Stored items

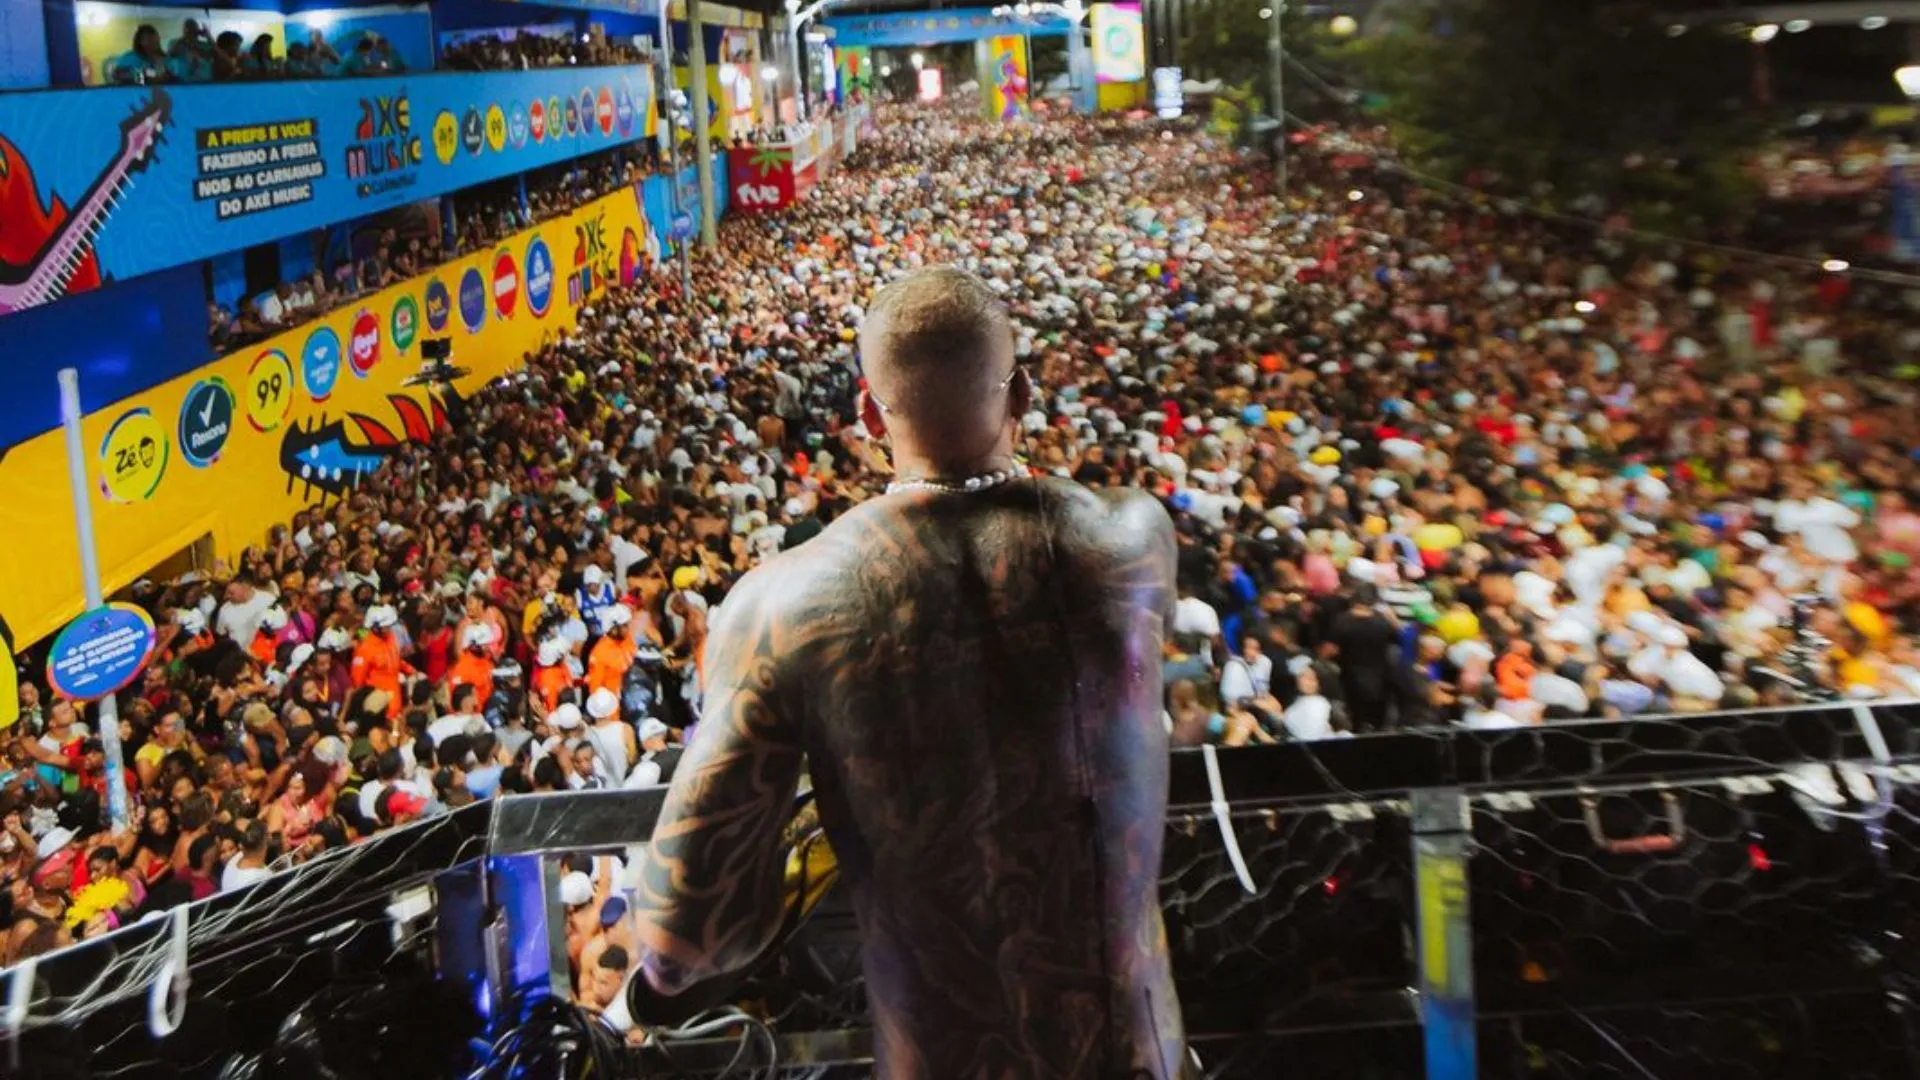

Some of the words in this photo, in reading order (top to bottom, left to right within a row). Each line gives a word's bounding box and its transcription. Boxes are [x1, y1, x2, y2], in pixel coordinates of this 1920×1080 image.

[207, 132, 219, 147] A
[268, 126, 278, 140] E
[202, 149, 267, 172] FAZENDO
[270, 147, 280, 161] A
[282, 141, 317, 160] FESTA
[198, 177, 232, 197] NOS
[234, 174, 254, 190] 40
[256, 161, 323, 187] CARNAVAIS
[220, 198, 242, 217] DO
[245, 189, 271, 211] AXÉ
[273, 184, 310, 205] MUSIC
[257, 374, 282, 410] 99
[192, 421, 227, 448] Rexona
[115, 445, 138, 475] Zé
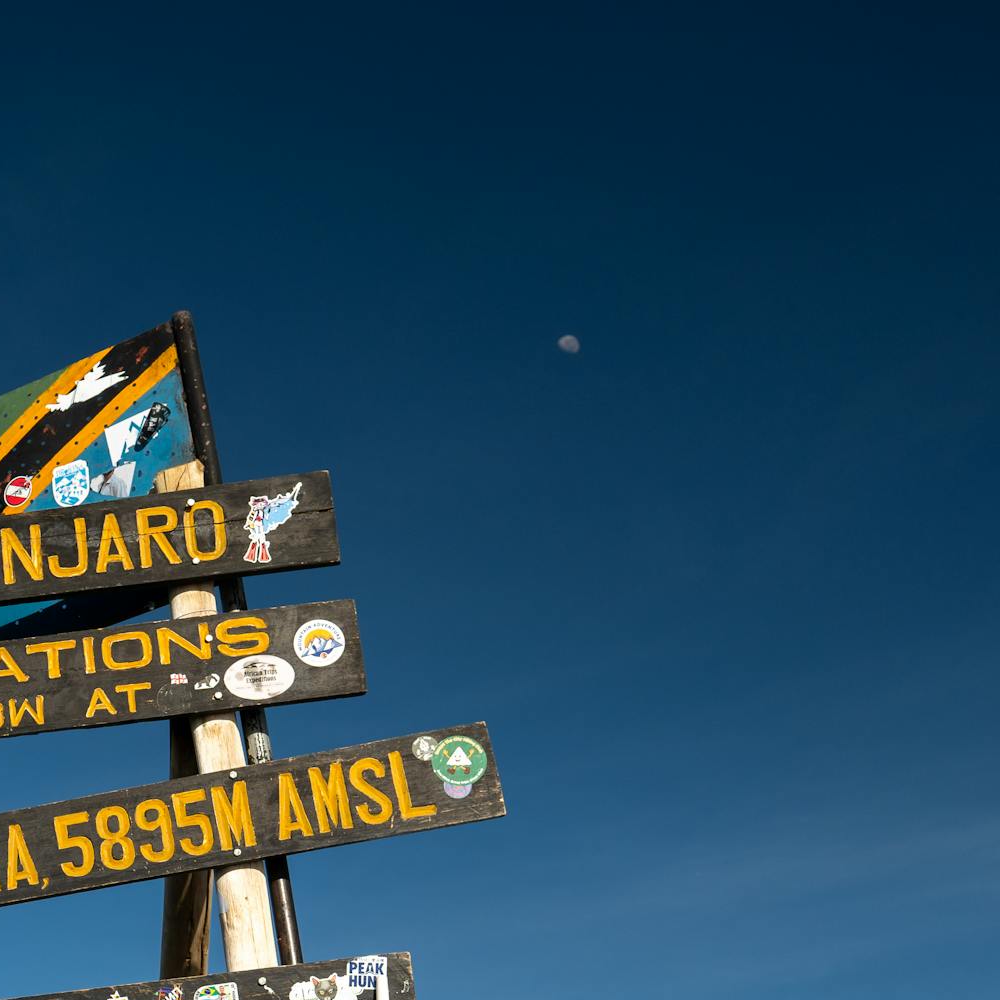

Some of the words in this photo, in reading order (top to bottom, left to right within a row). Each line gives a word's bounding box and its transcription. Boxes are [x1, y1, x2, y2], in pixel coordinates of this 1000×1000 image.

[86, 682, 152, 718] AT
[54, 780, 257, 878] 5895M
[278, 751, 437, 841] AMSL
[349, 962, 384, 975] PEAK
[349, 975, 377, 988] HUN

What you have to do: Return the lines above exactly; the images are not part of the copy.

Completed task:
Some of the words in this photo, in reading order (top to bottom, left to right within a row). Each line gives a word's bounding box and its transcription. Boxes are [x1, y1, x2, y2], in pixel coordinates of this 1920×1080 image.

[207, 132, 219, 147] A
[268, 126, 278, 140] E
[202, 149, 267, 172] FAZENDO
[270, 147, 280, 161] A
[282, 141, 317, 160] FESTA
[198, 177, 232, 197] NOS
[234, 174, 254, 190] 40
[256, 161, 323, 187] CARNAVAIS
[220, 198, 242, 217] DO
[245, 189, 271, 211] AXÉ
[273, 184, 310, 205] MUSIC
[257, 374, 282, 410] 99
[192, 421, 227, 448] Rexona
[115, 445, 138, 475] Zé

Some of the words in this photo, in reading order (top to bottom, left to right within a row). Each line gives a word's bounding box and its transcription. Boxes are [x1, y1, x2, y2], in pixel coordinates of this 1000×1000 image.

[86, 682, 152, 718] AT
[54, 780, 257, 878] 5895M
[278, 751, 437, 841] AMSL
[349, 962, 384, 975] PEAK
[349, 975, 377, 988] HUN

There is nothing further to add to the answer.